- [Material for this task]:

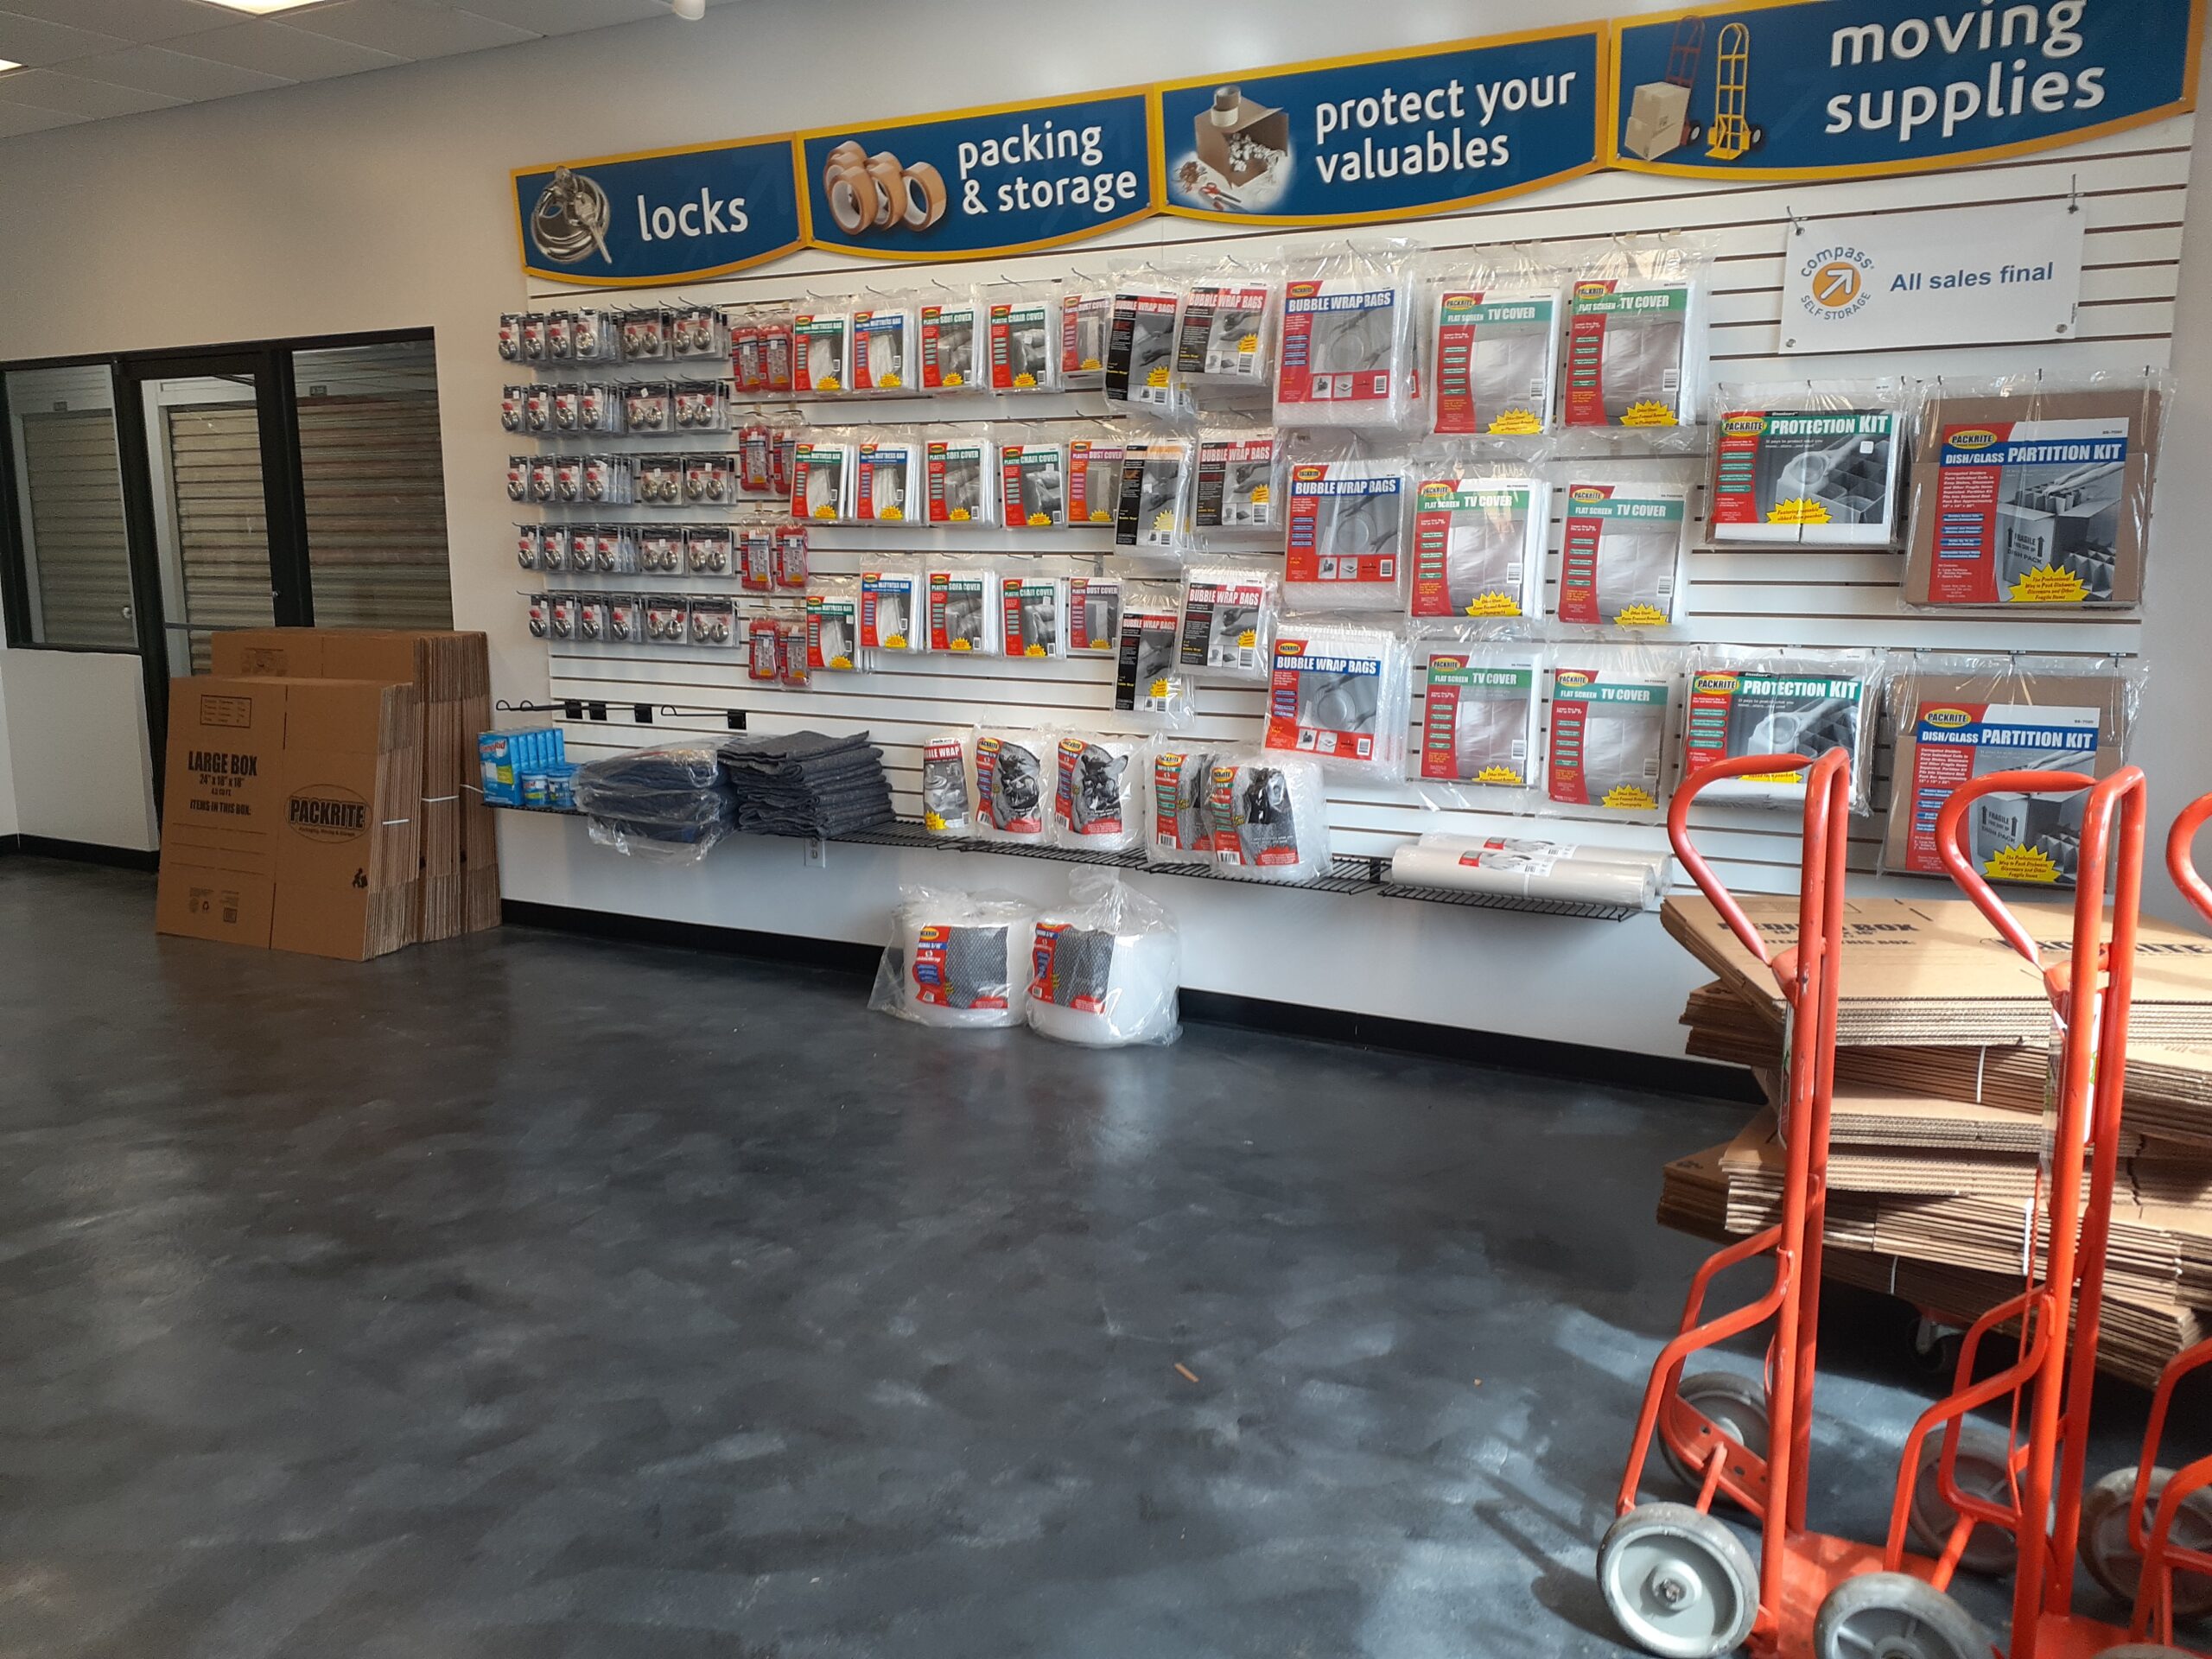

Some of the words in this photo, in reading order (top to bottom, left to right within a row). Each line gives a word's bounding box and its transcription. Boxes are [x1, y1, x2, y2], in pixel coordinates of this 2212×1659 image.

[1829, 0, 2087, 58] moving
[1825, 58, 2106, 142] supplies
[1315, 79, 1465, 145] protect
[1476, 72, 1576, 127] your
[957, 120, 1103, 178] packing
[1315, 127, 1510, 183] valuables
[962, 185, 988, 215] &
[997, 169, 1138, 213] storage
[636, 188, 749, 243] locks
[1801, 245, 1872, 278] compass
[1890, 272, 1922, 292] All
[1929, 270, 1992, 289] sales
[1999, 262, 2054, 283] final
[1115, 299, 1137, 311] BUBBLE
[1138, 302, 1156, 313] WRAP
[1157, 303, 1175, 314] BAGS
[1190, 292, 1218, 308] BUBBLE
[1218, 294, 1241, 308] WRAP
[1242, 296, 1263, 308] BAGS
[1288, 297, 1330, 313] BUBBLE
[1331, 295, 1363, 309] WRAP
[1363, 292, 1391, 308] BAGS
[1579, 303, 1592, 312] FLAT
[1593, 302, 1617, 311] SCREEN
[1620, 296, 1634, 309] TV
[1635, 295, 1669, 308] COVER
[1801, 295, 1823, 318] SELF
[1823, 291, 1872, 321] STORAGE
[954, 313, 973, 322] COVER
[1026, 312, 1045, 321] COVER
[1488, 308, 1502, 321] TV
[1502, 307, 1535, 320] COVER
[1725, 421, 1764, 431] PACKRITE
[1770, 418, 1856, 435] PROTECTION
[1859, 415, 1889, 433] KIT
[1951, 434, 1993, 443] PACKRITE
[960, 449, 979, 460] COVER
[1039, 454, 1058, 463] COVER
[1089, 450, 1103, 460] DUST
[1103, 450, 1122, 460] COVER
[1201, 449, 1228, 461] BUBBLE
[1229, 448, 1250, 461] WRAP
[1251, 446, 1270, 460] BAGS
[1945, 452, 2005, 465] DISH/GLASS
[2007, 444, 2090, 463] PARTITION
[2094, 443, 2122, 460] KIT
[1295, 481, 1336, 495] BUBBLE
[1336, 480, 1368, 494] WRAP
[1369, 479, 1396, 493] BAGS
[1424, 501, 1437, 510] FLAT
[1464, 496, 1478, 507] TV
[1478, 495, 1513, 507] COVER
[1574, 492, 1602, 500] PACKRITE
[1575, 506, 1589, 515] FLAT
[1589, 506, 1613, 515] SCREEN
[1617, 504, 1631, 516] TV
[1631, 504, 1667, 517] COVER
[948, 582, 963, 591] SOFA
[963, 582, 982, 591] COVER
[1036, 588, 1053, 597] COVER
[1086, 587, 1101, 595] DUST
[1101, 586, 1118, 595] COVER
[1189, 589, 1216, 603] BUBBLE
[1217, 590, 1238, 604] WRAP
[1239, 592, 1260, 605] BAGS
[1122, 619, 1143, 629] BUBBLE
[1143, 620, 1160, 630] WRAP
[1160, 620, 1176, 631] BAGS
[1276, 656, 1315, 671] BUBBLE
[1315, 658, 1347, 672] WRAP
[1348, 659, 1376, 674] BAGS
[1472, 672, 1485, 683] TV
[1486, 673, 1517, 685] COVER
[1559, 675, 1587, 684] PACKRITE
[1574, 690, 1597, 699] SCREEN
[1601, 688, 1615, 699] TV
[1616, 688, 1650, 702] COVER
[1697, 679, 1736, 690] PACKRITE
[1743, 679, 1827, 697] PROTECTION
[1828, 681, 1859, 699] KIT
[1928, 713, 1967, 723] PACKRITE
[1922, 731, 1979, 744] DISH/GLASS
[1981, 728, 2063, 747] PARTITION
[2065, 732, 2094, 749] KIT
[939, 745, 961, 757] WRAP
[188, 750, 228, 774] LARGE
[231, 754, 258, 777] BOX
[199, 773, 212, 785] 24"
[189, 798, 210, 811] ITEMS
[210, 800, 218, 811] IN
[219, 801, 235, 814] THIS
[235, 803, 251, 816] BOX:
[289, 798, 366, 830] PACKRITE
[1851, 923, 1922, 932] BOX
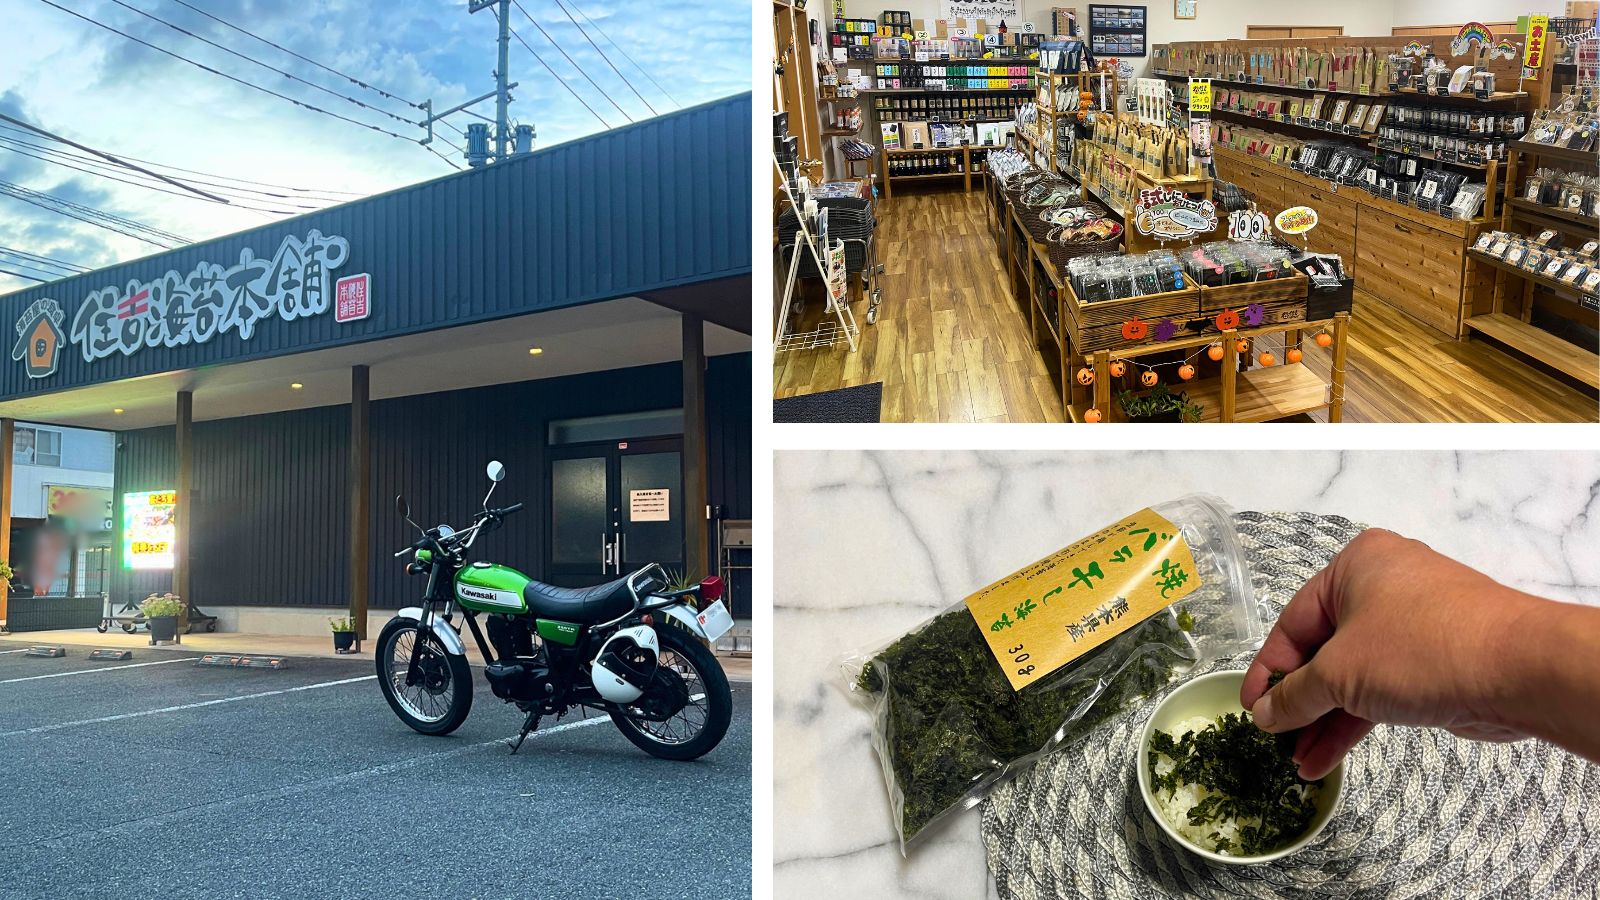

- [Task to complete]:
Word for word, copy every line of the data, excluding any pictures.

- [Exercise output]:
Some of the words in this photo, in reading order (top to bottom, left to right within a row). Each line gives a word's bounding box and its transcription. Boxes are [x1, y1, x2, y2], in pixel coordinates of this 2212×1659 image.

[1829, 0, 2087, 58] moving
[1825, 58, 2106, 142] supplies
[1315, 79, 1465, 145] protect
[1476, 72, 1576, 127] your
[957, 120, 1103, 178] packing
[1315, 127, 1510, 183] valuables
[962, 185, 988, 215] &
[997, 169, 1138, 213] storage
[636, 188, 749, 243] locks
[1801, 245, 1872, 278] compass
[1890, 272, 1922, 292] All
[1929, 270, 1992, 289] sales
[1999, 262, 2054, 283] final
[1115, 299, 1137, 311] BUBBLE
[1138, 302, 1156, 313] WRAP
[1157, 303, 1175, 314] BAGS
[1190, 292, 1218, 308] BUBBLE
[1218, 294, 1241, 308] WRAP
[1242, 296, 1263, 308] BAGS
[1288, 297, 1330, 313] BUBBLE
[1331, 295, 1363, 309] WRAP
[1363, 292, 1391, 308] BAGS
[1579, 303, 1592, 312] FLAT
[1593, 302, 1617, 311] SCREEN
[1620, 296, 1634, 309] TV
[1635, 295, 1669, 308] COVER
[1801, 295, 1823, 318] SELF
[1823, 291, 1872, 321] STORAGE
[954, 313, 973, 322] COVER
[1026, 312, 1045, 321] COVER
[1488, 308, 1502, 321] TV
[1502, 307, 1535, 320] COVER
[1725, 421, 1764, 431] PACKRITE
[1770, 418, 1856, 435] PROTECTION
[1859, 415, 1889, 433] KIT
[1951, 434, 1993, 443] PACKRITE
[960, 449, 979, 460] COVER
[1039, 454, 1058, 463] COVER
[1089, 450, 1103, 460] DUST
[1103, 450, 1122, 460] COVER
[1201, 449, 1228, 461] BUBBLE
[1229, 448, 1250, 461] WRAP
[1251, 446, 1270, 460] BAGS
[1945, 452, 2005, 465] DISH/GLASS
[2007, 444, 2090, 463] PARTITION
[2094, 443, 2122, 460] KIT
[1295, 481, 1336, 495] BUBBLE
[1336, 480, 1368, 494] WRAP
[1369, 479, 1396, 493] BAGS
[1424, 501, 1437, 510] FLAT
[1464, 496, 1478, 507] TV
[1478, 495, 1513, 507] COVER
[1574, 492, 1602, 500] PACKRITE
[1575, 506, 1589, 515] FLAT
[1589, 506, 1613, 515] SCREEN
[1617, 504, 1631, 516] TV
[1631, 504, 1667, 517] COVER
[948, 582, 963, 591] SOFA
[963, 582, 982, 591] COVER
[1036, 588, 1053, 597] COVER
[1086, 587, 1101, 595] DUST
[1101, 586, 1118, 595] COVER
[1189, 589, 1216, 603] BUBBLE
[1217, 590, 1238, 604] WRAP
[1239, 592, 1260, 605] BAGS
[1122, 619, 1143, 629] BUBBLE
[1143, 620, 1160, 630] WRAP
[1160, 620, 1176, 631] BAGS
[1276, 656, 1315, 671] BUBBLE
[1315, 658, 1347, 672] WRAP
[1348, 659, 1376, 674] BAGS
[1472, 672, 1485, 683] TV
[1486, 673, 1517, 685] COVER
[1559, 675, 1587, 684] PACKRITE
[1574, 690, 1597, 699] SCREEN
[1601, 688, 1615, 699] TV
[1616, 688, 1650, 702] COVER
[1697, 679, 1736, 690] PACKRITE
[1743, 679, 1827, 697] PROTECTION
[1828, 681, 1859, 699] KIT
[1928, 713, 1967, 723] PACKRITE
[1922, 731, 1979, 744] DISH/GLASS
[1981, 728, 2063, 747] PARTITION
[2065, 732, 2094, 749] KIT
[939, 745, 961, 757] WRAP
[188, 750, 228, 774] LARGE
[231, 754, 258, 777] BOX
[199, 773, 212, 785] 24"
[189, 798, 210, 811] ITEMS
[210, 800, 218, 811] IN
[219, 801, 235, 814] THIS
[235, 803, 251, 816] BOX:
[289, 798, 366, 830] PACKRITE
[1851, 923, 1922, 932] BOX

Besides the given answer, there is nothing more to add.